Alginate/poly(amidoamine) injectable hybrid hydrogel for cell delivery

Abstract

A covalently cross-linked injectable hybrid hydrogel, namely, alginate/poly(amidoamine) (PAMAM), with the objective of cell delivery was innovatively designed and synthesized using tetra-amino-functional PAMAM dendrimer as the cross-linker. With the increase in percentage of PAMAM cross-linker, the pore size and swelling ratio of hydrogels were in the range of 57 ± 18 μm to 88 ± 25 μm and 110 ± 16 to 157 ± 20, respectively. The study of attachment and proliferation of MC3T3-E1 pre-osteoblasts using 3-(4,5-dimethylthiazol-2-yl)-2,5-diphenyltetrazolium bromide assay through indirect and direct contact methods indicated a continuous increase in metabolically active live cells with time, implying non-cytotoxicity of the synthesized hydrogel. The live–dead assay showed >95% of live cells for alginate/PAMAM hydrogels, suggesting viability of the encapsulated cells.
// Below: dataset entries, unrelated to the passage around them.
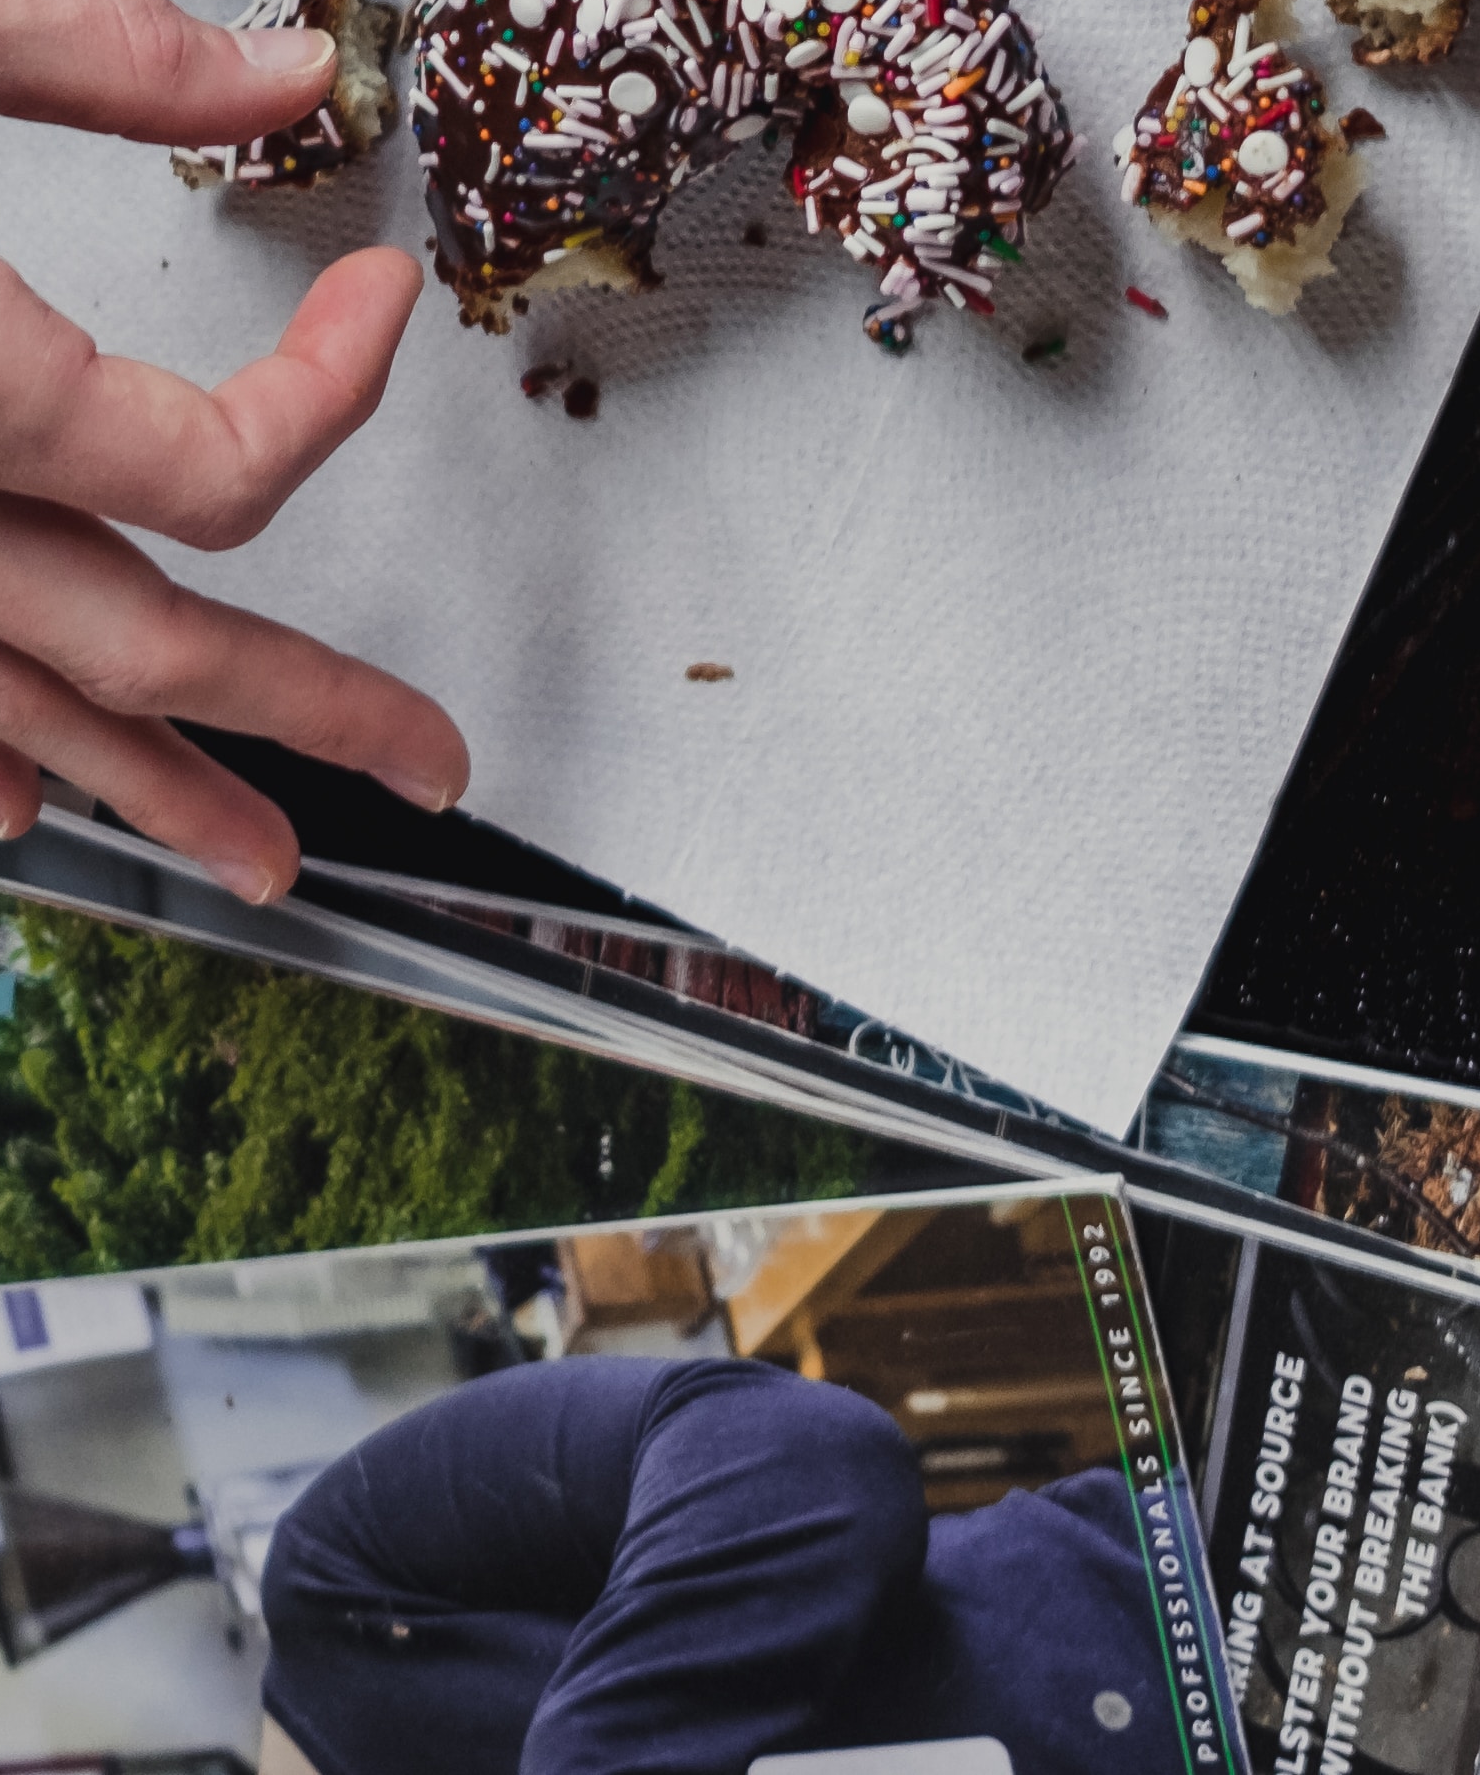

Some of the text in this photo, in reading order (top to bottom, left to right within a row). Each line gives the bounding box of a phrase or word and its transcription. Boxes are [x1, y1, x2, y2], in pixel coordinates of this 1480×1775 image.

[1083, 1222, 1219, 1764] PROFESSIONALS SINCE 1992
[1224, 1350, 1307, 1707] RING AT SOURCE
[1273, 1374, 1375, 1775] LSTER YOUR BRAND
[1318, 1387, 1419, 1775] WITHOUT BREAKING
[1395, 1399, 1470, 1620] THE BANK)
When the percentage of PAMAM cross-linker in alginate/PAMAM hydrogel was increased from 5 to 25, the percentage degradation rate decreased from 1.1 to 0.29%/day. Given that the poly(ethylene glycol) is commonly used cross-linker for hydrogel syntheses, we compared the behavior with poly(ethylene glycol). The incorporation of poly(ethylene glycol) in alginate/PAMAM hydrogel reduced the activity of MC3T3-E1 cells and their viability compared to the alginate/PAMAM hydrogels. The protonation of amino groups in alginate/PAMAM injectables under physiological conditions led to the formation of cationic hydrogels. These cationic hydrogels showed enhanced cell encapsulation and attachment ability because of electrostatic interaction with negatively charged cell surface as determined by cell adhesion and extensions from scanning electron microscope and vinculin assay and ability of in situ calcium phosphate mineralization. These observations point toward the potential use as an injectable scaffold for cell delivery and tissue engineering applications.